What you should do
From the records below, copy each line that has the word "text" in it.

Supplied material
:::::
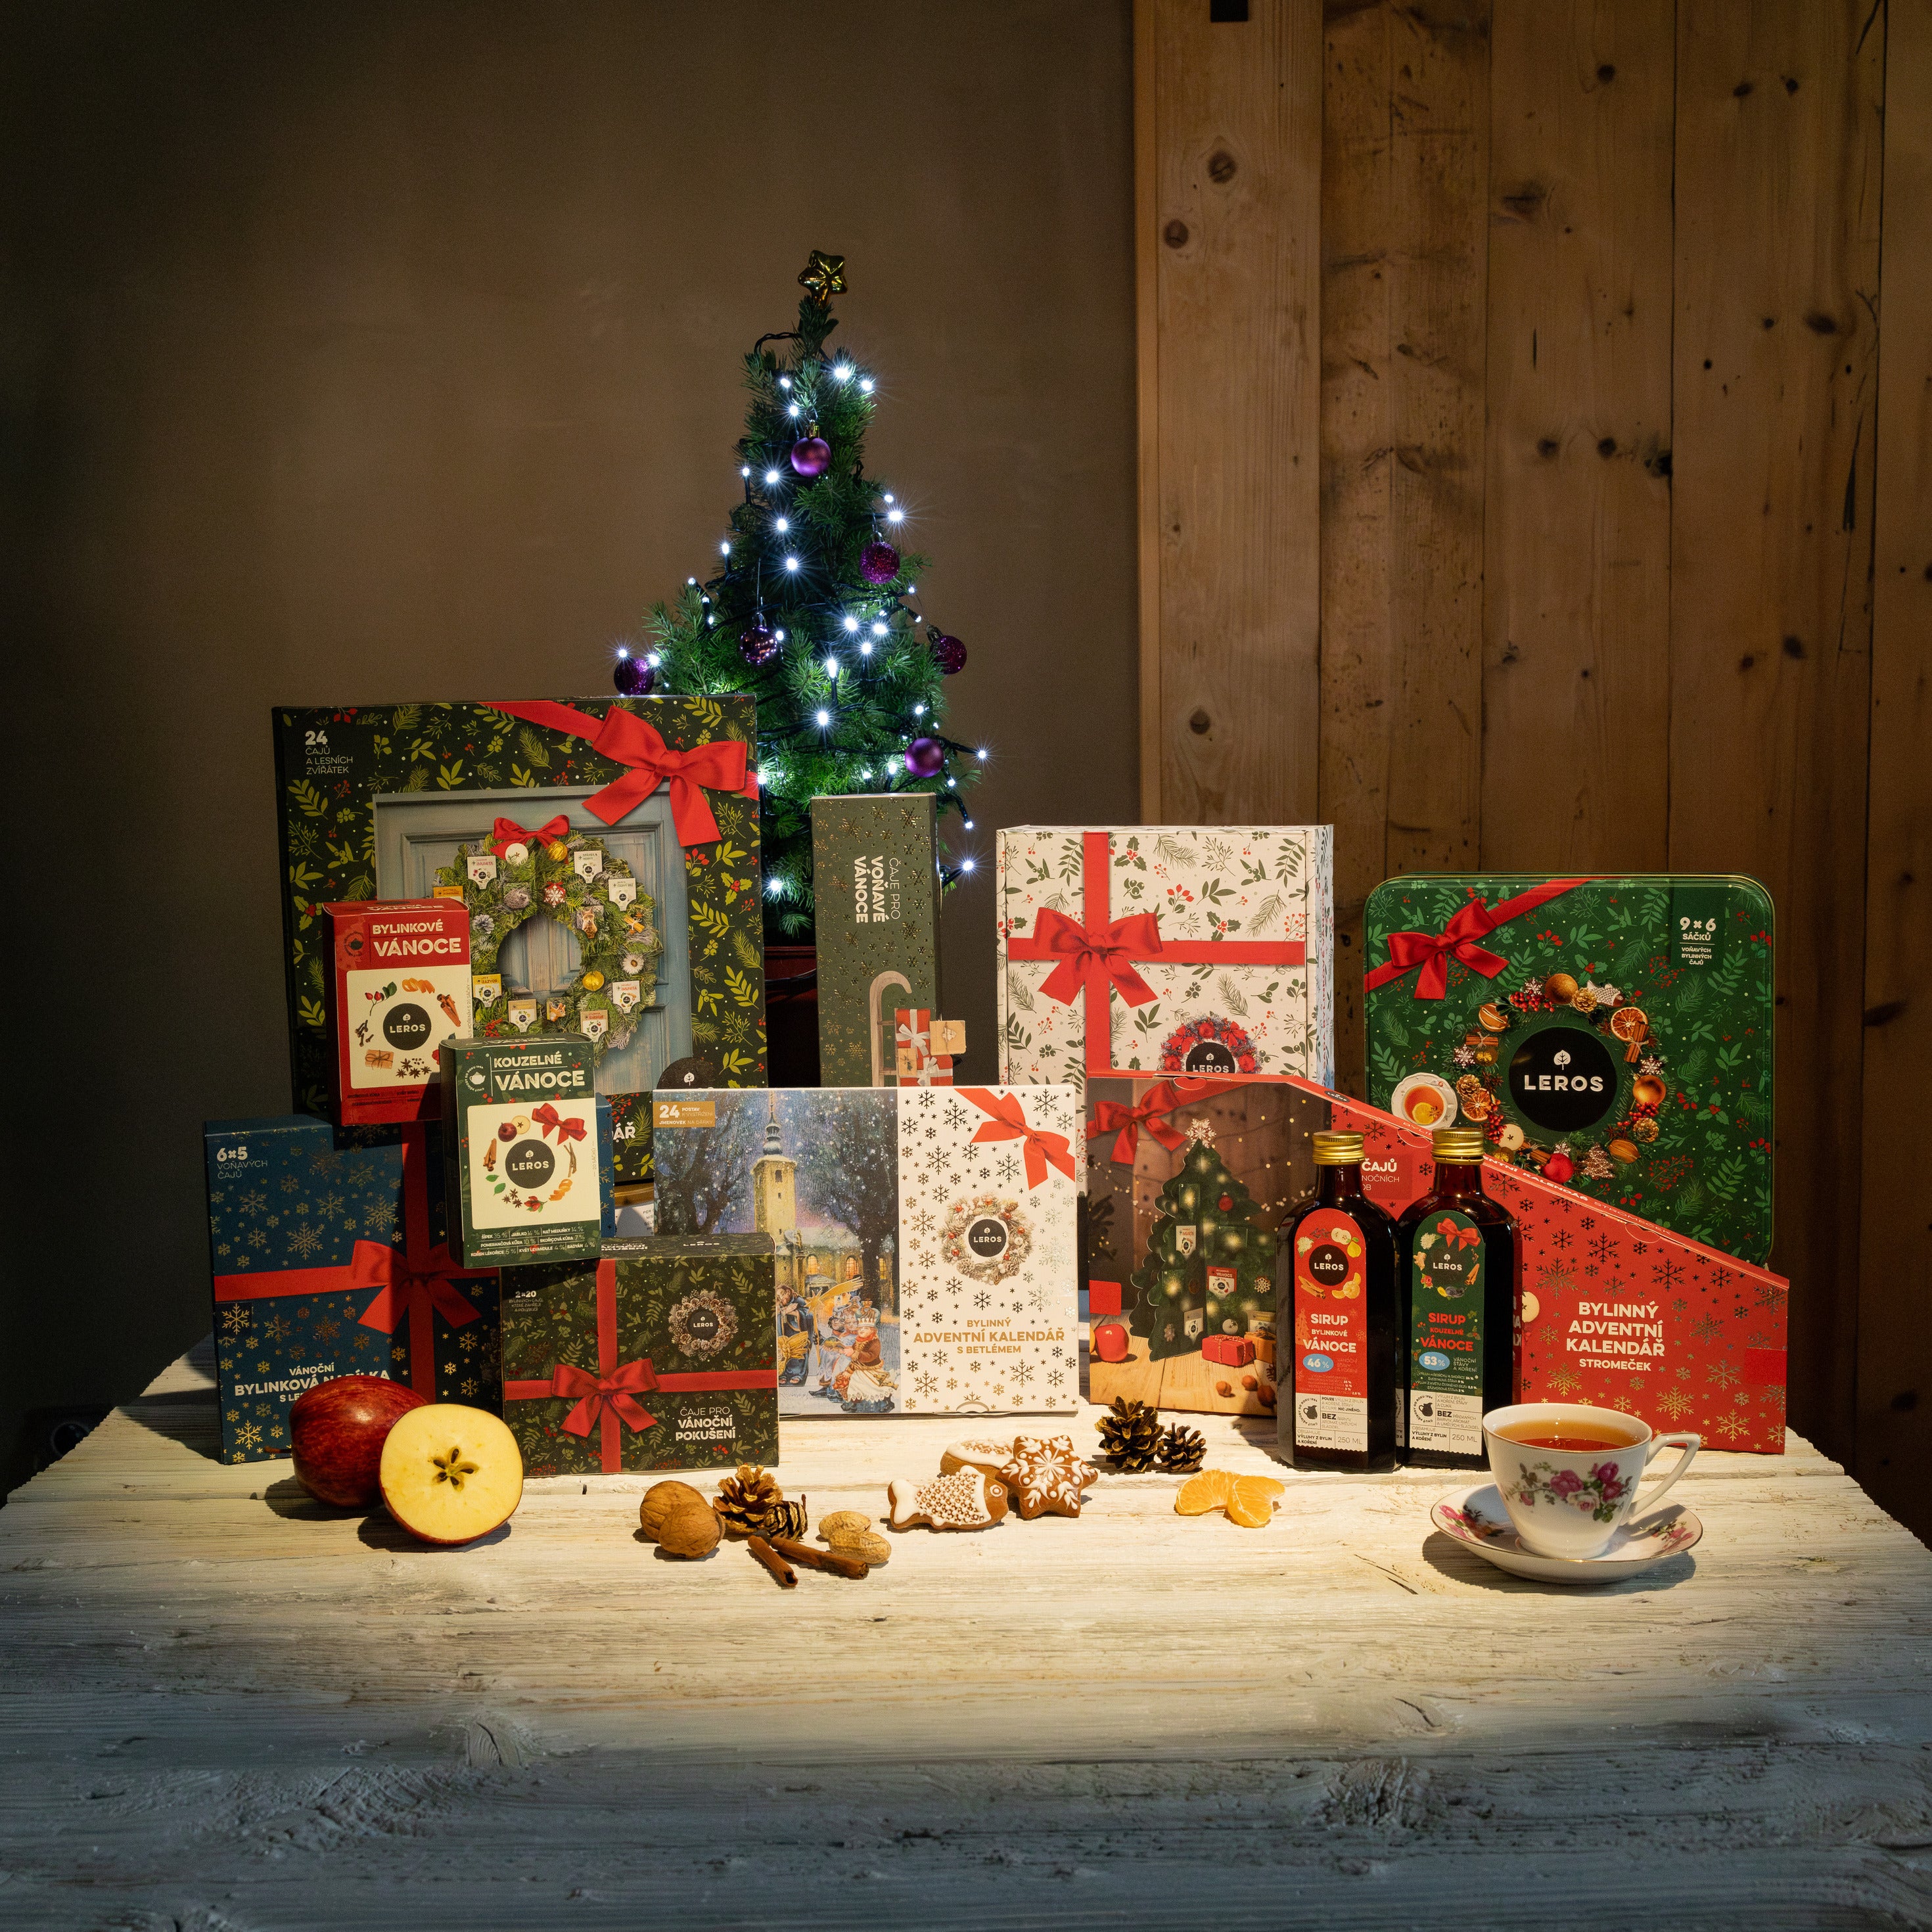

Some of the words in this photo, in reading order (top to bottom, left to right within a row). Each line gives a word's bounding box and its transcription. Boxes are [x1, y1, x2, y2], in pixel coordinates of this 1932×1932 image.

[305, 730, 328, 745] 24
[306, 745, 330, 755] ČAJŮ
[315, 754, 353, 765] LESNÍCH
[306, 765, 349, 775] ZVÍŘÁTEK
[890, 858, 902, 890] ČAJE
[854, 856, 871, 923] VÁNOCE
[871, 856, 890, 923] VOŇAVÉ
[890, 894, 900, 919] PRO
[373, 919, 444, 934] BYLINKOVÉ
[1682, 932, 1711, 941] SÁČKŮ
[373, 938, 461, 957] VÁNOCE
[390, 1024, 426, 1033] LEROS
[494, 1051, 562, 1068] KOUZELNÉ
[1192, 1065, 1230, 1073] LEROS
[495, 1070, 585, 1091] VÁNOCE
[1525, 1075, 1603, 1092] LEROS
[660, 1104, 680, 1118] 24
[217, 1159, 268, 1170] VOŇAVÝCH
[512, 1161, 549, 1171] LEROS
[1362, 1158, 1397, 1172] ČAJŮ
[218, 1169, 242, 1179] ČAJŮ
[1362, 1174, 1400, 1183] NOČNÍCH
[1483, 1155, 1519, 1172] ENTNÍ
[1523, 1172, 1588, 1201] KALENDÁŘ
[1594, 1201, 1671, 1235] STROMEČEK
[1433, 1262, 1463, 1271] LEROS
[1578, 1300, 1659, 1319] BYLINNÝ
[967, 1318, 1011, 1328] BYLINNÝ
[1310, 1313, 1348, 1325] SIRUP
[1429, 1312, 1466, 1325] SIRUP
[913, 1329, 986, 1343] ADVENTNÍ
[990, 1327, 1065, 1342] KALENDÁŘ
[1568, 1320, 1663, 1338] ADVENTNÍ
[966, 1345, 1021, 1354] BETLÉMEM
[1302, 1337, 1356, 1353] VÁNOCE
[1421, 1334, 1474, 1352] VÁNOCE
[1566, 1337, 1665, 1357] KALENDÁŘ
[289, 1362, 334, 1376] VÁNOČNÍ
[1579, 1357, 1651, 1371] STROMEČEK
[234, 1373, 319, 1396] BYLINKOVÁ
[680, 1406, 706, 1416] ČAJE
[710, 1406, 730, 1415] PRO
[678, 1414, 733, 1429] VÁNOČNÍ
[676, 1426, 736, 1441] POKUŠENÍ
:::::
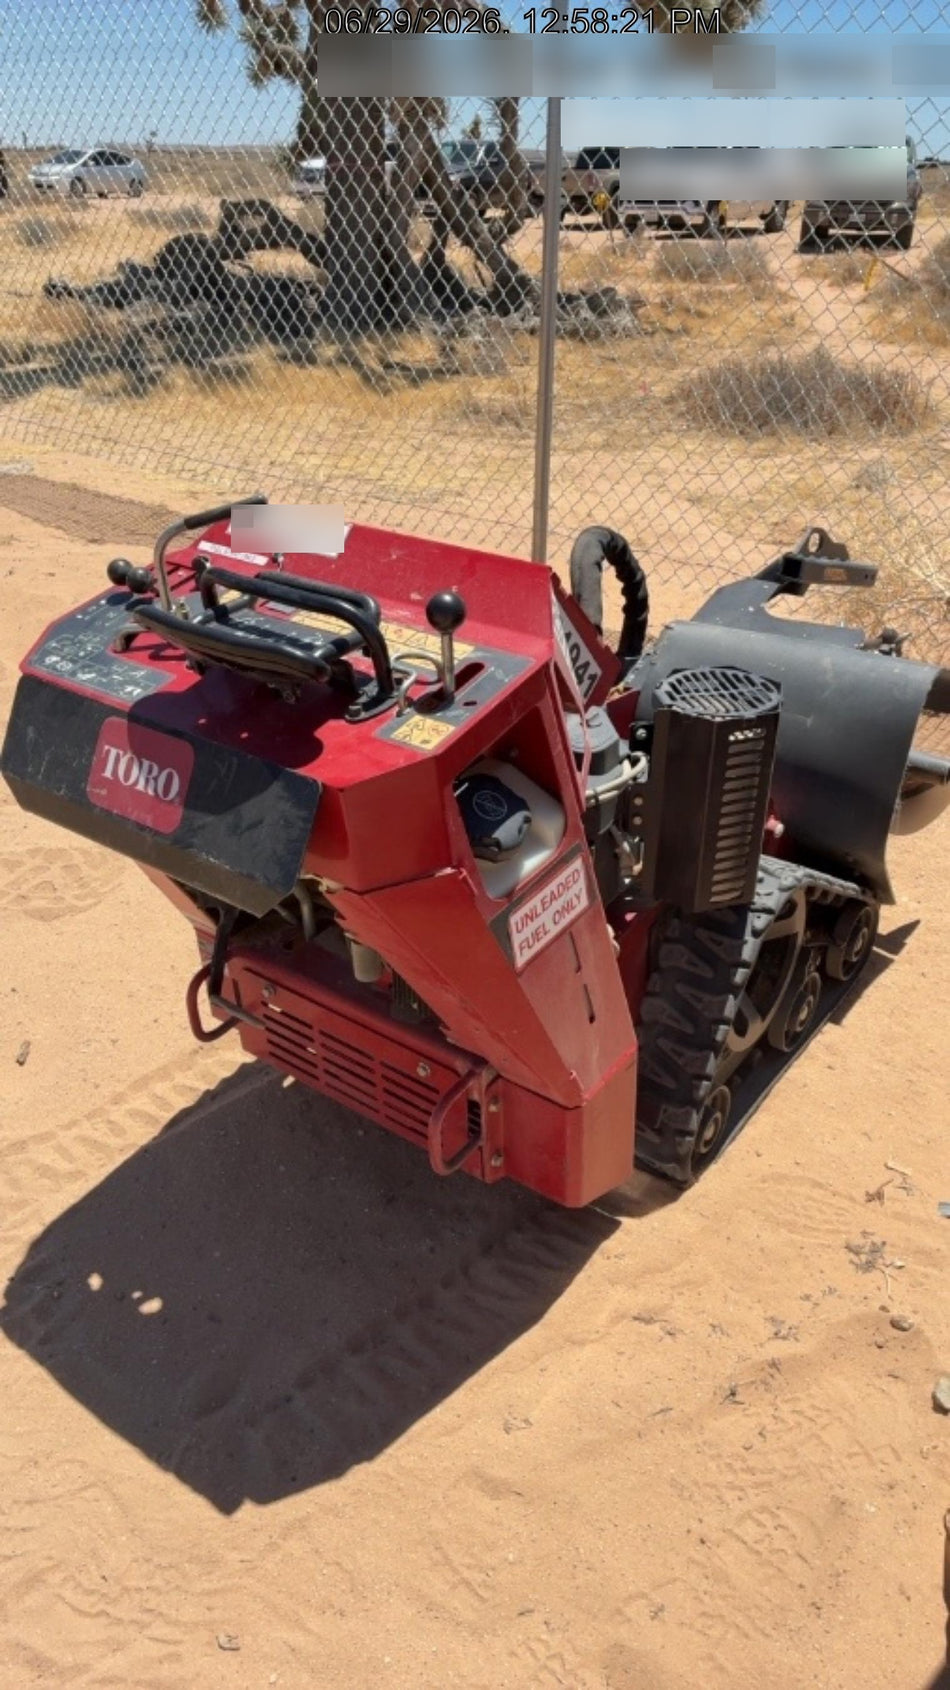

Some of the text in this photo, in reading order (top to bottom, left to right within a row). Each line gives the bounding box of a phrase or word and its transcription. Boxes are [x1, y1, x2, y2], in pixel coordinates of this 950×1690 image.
:::::
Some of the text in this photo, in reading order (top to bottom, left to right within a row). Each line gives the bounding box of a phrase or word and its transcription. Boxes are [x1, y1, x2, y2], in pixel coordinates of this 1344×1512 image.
:::::
Exercise result
Some of the text in this photo, in reading order (top to bottom, left to right within a row). Each line gives the bounding box of a phrase or word and its transcription. Boxes are [x1, y1, x2, y2], in pixel coordinates of this 950×1690 image.
Some of the text in this photo, in reading order (top to bottom, left to right within a row). Each line gives the bounding box of a phrase or word and its transcription. Boxes are [x1, y1, x2, y2], in pixel coordinates of this 1344×1512 image.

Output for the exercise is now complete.